The first principle is that culture is an adaptive pattern that is learned. If a behavior is purely instinctive, it is not a part of culture. In human societies, it is probably safe to say that no instinct exists that is not at least partially modified by culture, and that includes the urge to procreate, but the point is useful in establishing that humans have cultures, while lesser animals do not. The second principle is that cultures are transmitted through communication between individuals, and not simply by the observation of one individual by another. The more advanced animals are capable of building upon instinct by learning: birds show their hatchlings how to move their wings to fly, and young carnivores learn how to hunt by watching a parent or other elder, but at no point is there the transmission of an abstract concept. Language alone is capable of such transmission, and therefore, language is vitally necessary to any culture.

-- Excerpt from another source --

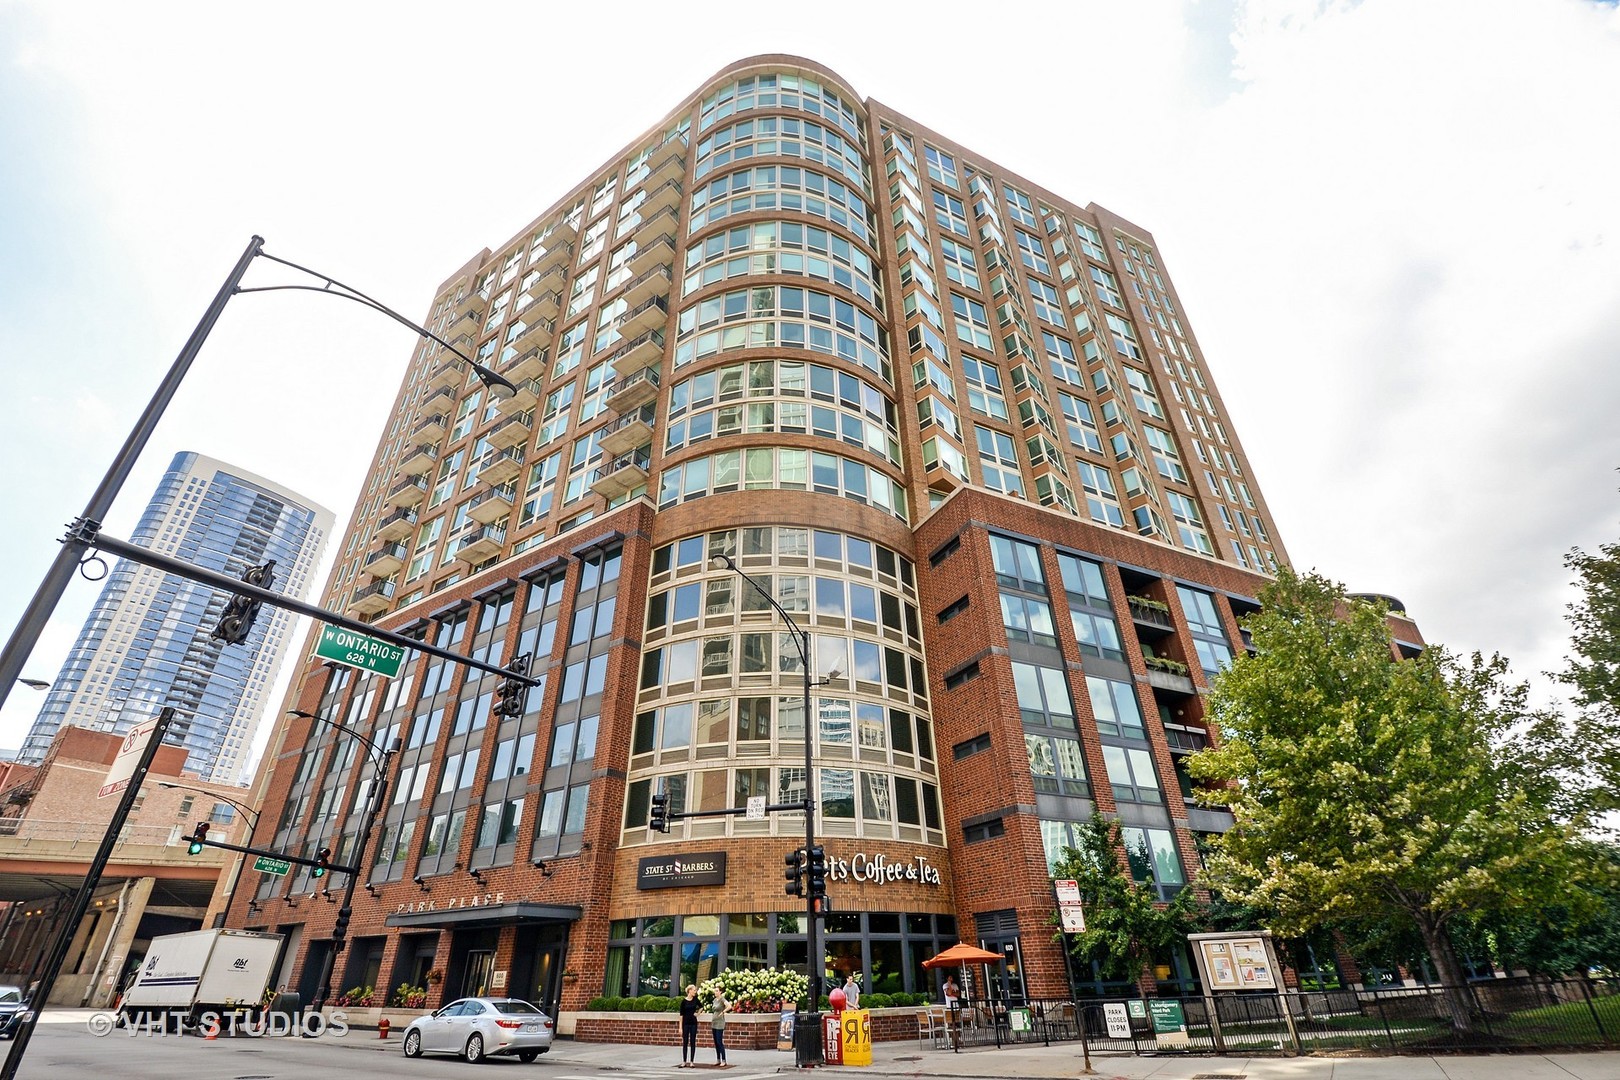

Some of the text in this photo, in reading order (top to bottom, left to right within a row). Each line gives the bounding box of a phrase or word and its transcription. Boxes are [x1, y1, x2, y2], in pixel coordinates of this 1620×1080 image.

Language is a very sophisticated construct that is capable of embedding a great deal of cultural information into a compact form, and of transmitting that information on a subconscious level. Vocabulary does not merely give us the tools to describe things, it also governs how we perceive them, creating categories that assist us in judgments and even defining the data that we perceive and the data that will pass unnoticed. Grammar and syntax influence our senses of causality. Phonemes, the building blocks of words, forge conceptual connections among things and ideas that otherwise might seem very different from each other.
Vocabulary teaches people how to conceptualize the world around them, and even closely related cultures have marked differences here. As anyone who speaks more than one language has noticed, not everything can be translated in a satisfactory manner, usually because the words involved have shades of meaning that are not conveyed in the corresponding words in another language. Consider the use of the word "friend" in English, German and Russian.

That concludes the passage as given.